Monday, March 22, 2010

NEW VOICE COLUMN UP. Yeah, I'm still doing these on Mondays, for the time being. Today's is about the Jesus angle on that health care bill passage anguish. Some Catholic groups had gotten involved with the struggle, which afforded ripe opportunities for hilarity, as well as a chance to introduce new readers to The Anchoress at her most stupidly vicious, laying down Catholic doctrine to actual churchmen and churchwomen from her little suburban fake-nun castle. Jesus, what an awful person she is.

Part of me wanted to get in on the nigger/faggot tea party thing, but first-hand reporting was sparse and I wasn't sure whom to believe, frankly. On the one hand, of course Democrats and their fans can get an easy lay-up by reporting they were slurred by neanderthals -- who besides the Ole Perfesser and likeminded doofuses would disbelieve them?

And they'd have cause to believe -- despite the Perfesser's carefulness to find the few black folk at these events and get pictures of them, anyone who's been to one of these shindigs knows the score. My own coverage of the early tea parties as well as their Version 2.0 showed me that the overseers of the tea parties want to make them as mainstream as they possibly can, and have cooled out the original hot rhetoric insofar as they have been able to. But, let's face it -- it's not a grassroots movement, it's a rightwing movement that wants to look grassroots, and such gatherings are bound to, of necessity, pull in some straight, white, and loose cannons of the slur-slinging variety.

So the words may have been said. The irony is, even if they were, I doubt they'd reflect much more that the deep-seated prejudices of some of the participants -- and if that were a crime, as Hamlet said, who should 'scape whipping? That's America, folks. The real question is, why and how did the equivalent of Orange County John Birch Society meetings from the 60s gone al fresco become such a big media deal?

UPDATE. Thomas asks in comments about my remark on "grassroots" in this context.

It's not that I think rightwingers less able to community-organize than liberals, but that I think most "populist" movements in our own era are mere inventions of seasoned political operatives and big moneymen. Like Ross Perot; some populist! (And let's not forget the periodic insistence that Obama, of all people, is a populist too.)
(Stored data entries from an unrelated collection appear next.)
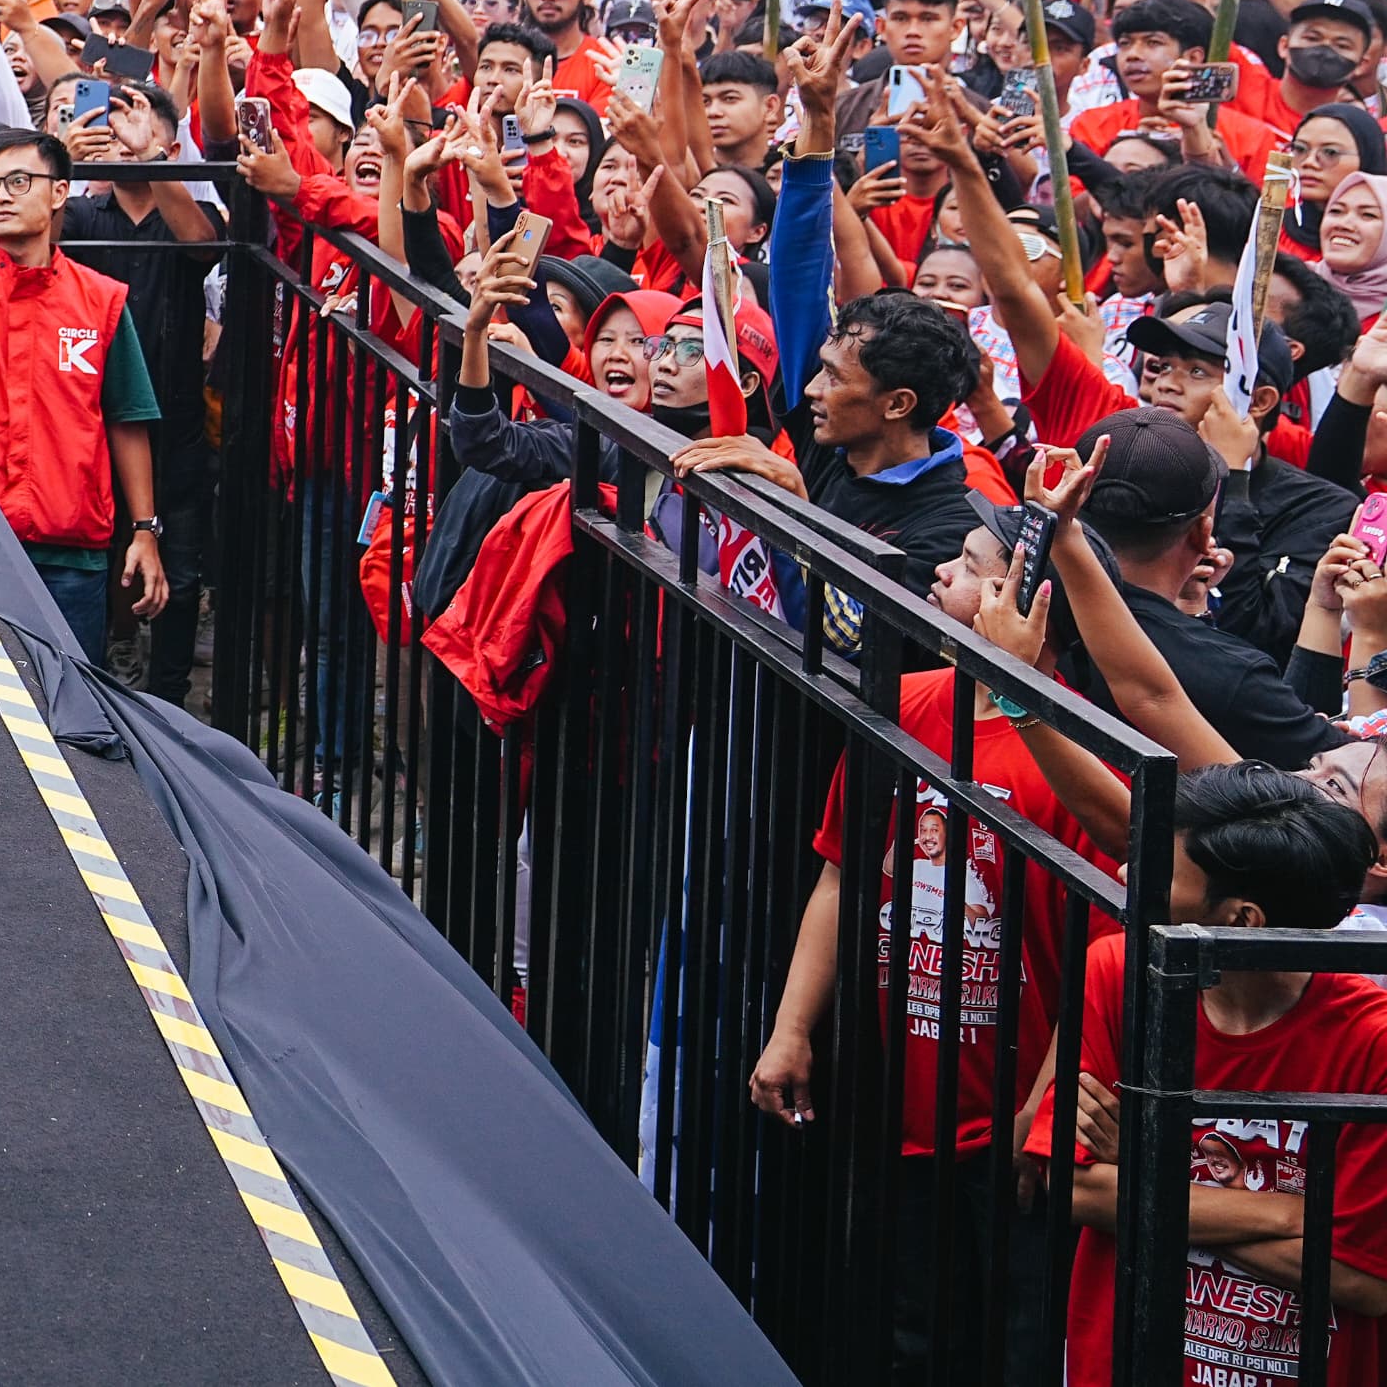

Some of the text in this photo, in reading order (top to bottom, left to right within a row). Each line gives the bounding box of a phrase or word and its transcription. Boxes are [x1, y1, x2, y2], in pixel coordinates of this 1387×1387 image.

[58, 327, 98, 339] CIRCLE
[58, 337, 99, 375] K
[1208, 1347, 1230, 1363] DPR
[1232, 1353, 1244, 1366] RI
[1246, 1357, 1264, 1370] PSI
[1266, 1360, 1289, 1374] NO.1
While I wouldn't write off the Tea Parties (and the closely-related anti-health-care rallies) as pure astroturf, they too have some fishy roots and receive a lot of unpaid advertising (you can't reasonably call it "coverage") from the rightbloggers. Their organizers get the crowds to show up, and famously to make their own signs, but not to draw up the agenda; when the big dogs staged those Tea Parties in New York last year, I doubt the congregation was polled to choose S.E. Cupp, Deroy Murdock, and several local Republican candidates for public office as speakers. Those picks were straight off the rightwing comintern go-to list.
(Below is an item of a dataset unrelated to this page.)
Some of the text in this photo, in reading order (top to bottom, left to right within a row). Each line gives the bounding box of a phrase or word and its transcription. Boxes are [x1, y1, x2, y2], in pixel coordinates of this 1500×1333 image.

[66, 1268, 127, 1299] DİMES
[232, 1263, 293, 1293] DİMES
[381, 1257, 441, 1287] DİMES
Thus, they're stage-managed events, but with an open door policy. Shouters and spitters will turn up at such things and, like I said, it can't be much helped. But the belligerent response of the rightwing press to this revelation suggests stronger message discipline than most grassroots movements could manage: If it were a movement over which they really thought they had NO control, they'd just denounce the racist nuts and move on, rather than try to explain to us, first, that the incidents didn't happen, and second, that they are actually a healthful sign that racism is over.